Image-backed grounding data
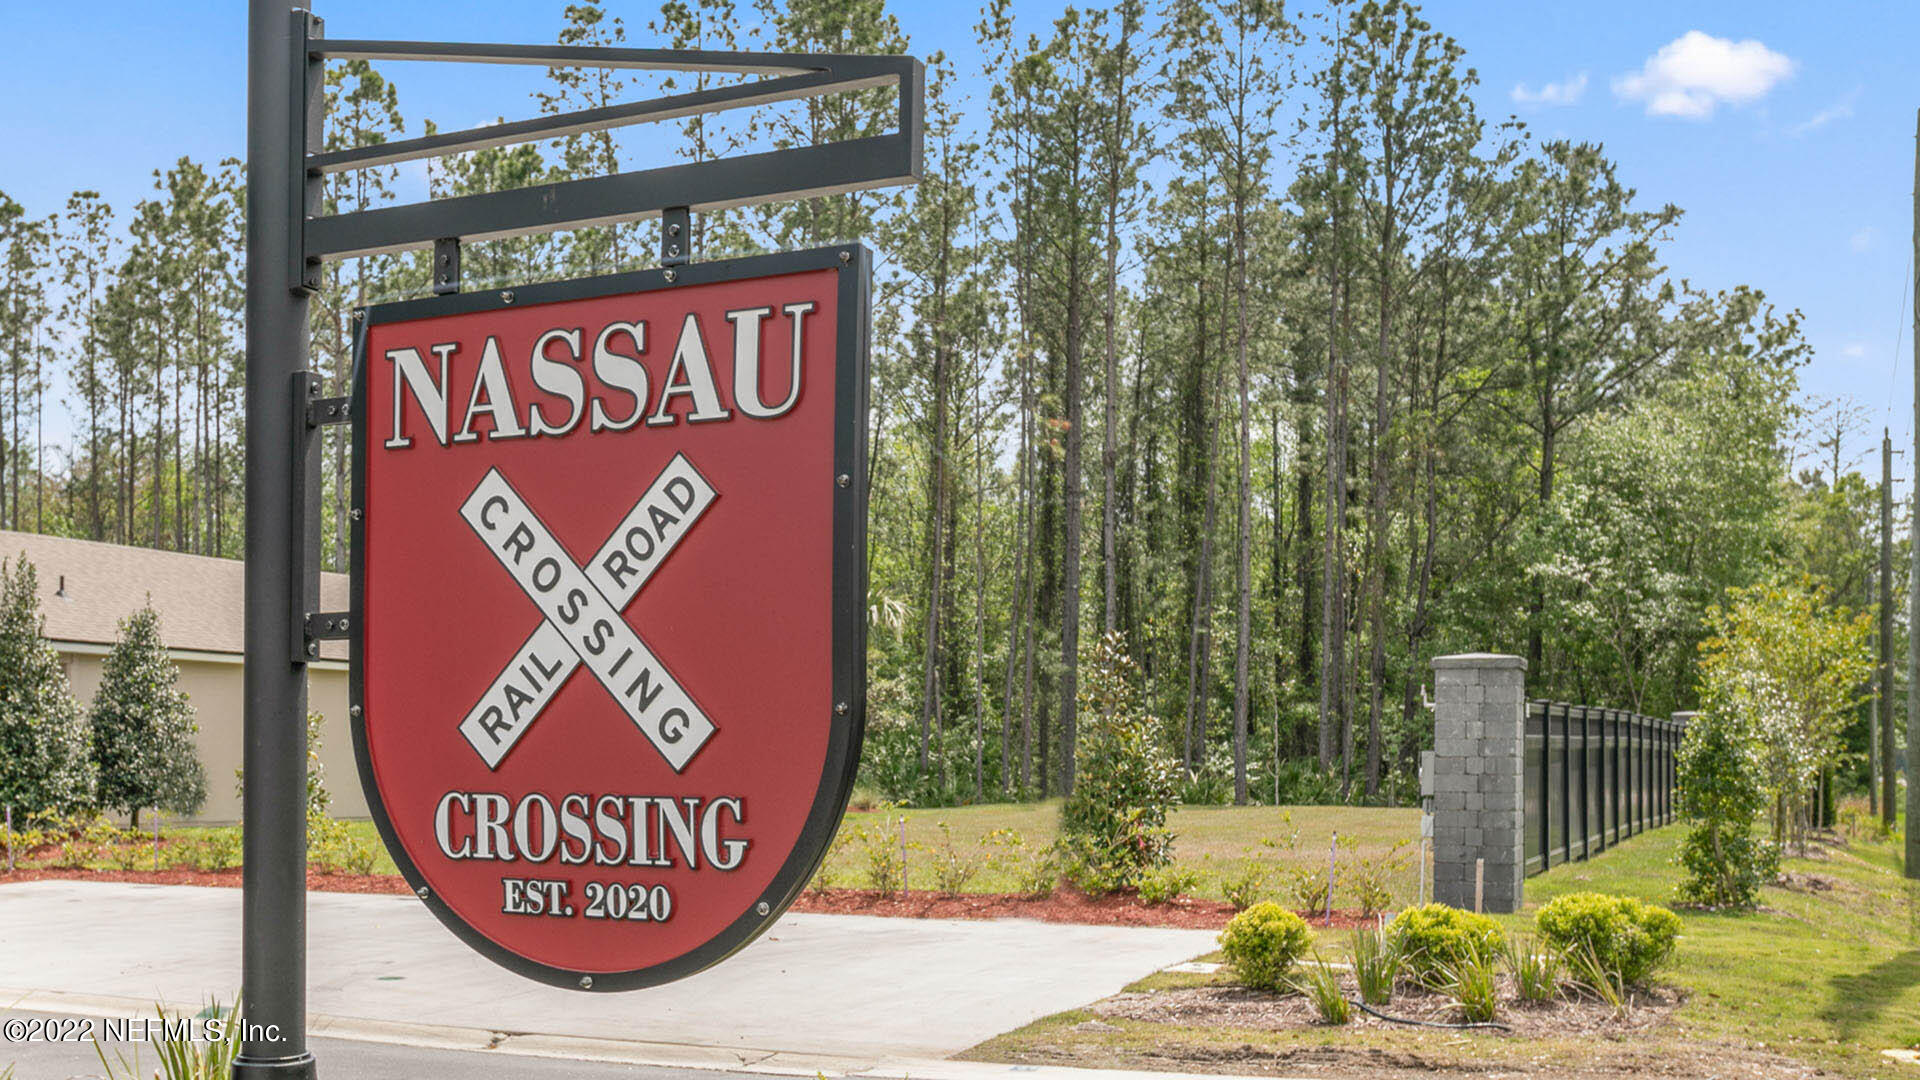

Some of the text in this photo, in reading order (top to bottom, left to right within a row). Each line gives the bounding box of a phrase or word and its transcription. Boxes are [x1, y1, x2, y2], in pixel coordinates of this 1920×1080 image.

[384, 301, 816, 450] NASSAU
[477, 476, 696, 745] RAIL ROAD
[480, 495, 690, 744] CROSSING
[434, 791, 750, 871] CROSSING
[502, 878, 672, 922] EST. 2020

Prompt
In this exercise, set down all of the data exactly, without the pictures.

Task solution
Some of the text in this photo, in reading order (top to bottom, left to right within a row). Each line gives the bounding box of a phrase or word and its transcription. Boxes are [x1, y1, x2, y2], in pixel coordinates of this 1920×1080 image.

[384, 301, 816, 450] NASSAU
[477, 476, 696, 745] RAIL ROAD
[480, 495, 690, 744] CROSSING
[434, 791, 750, 871] CROSSING
[502, 878, 672, 922] EST. 2020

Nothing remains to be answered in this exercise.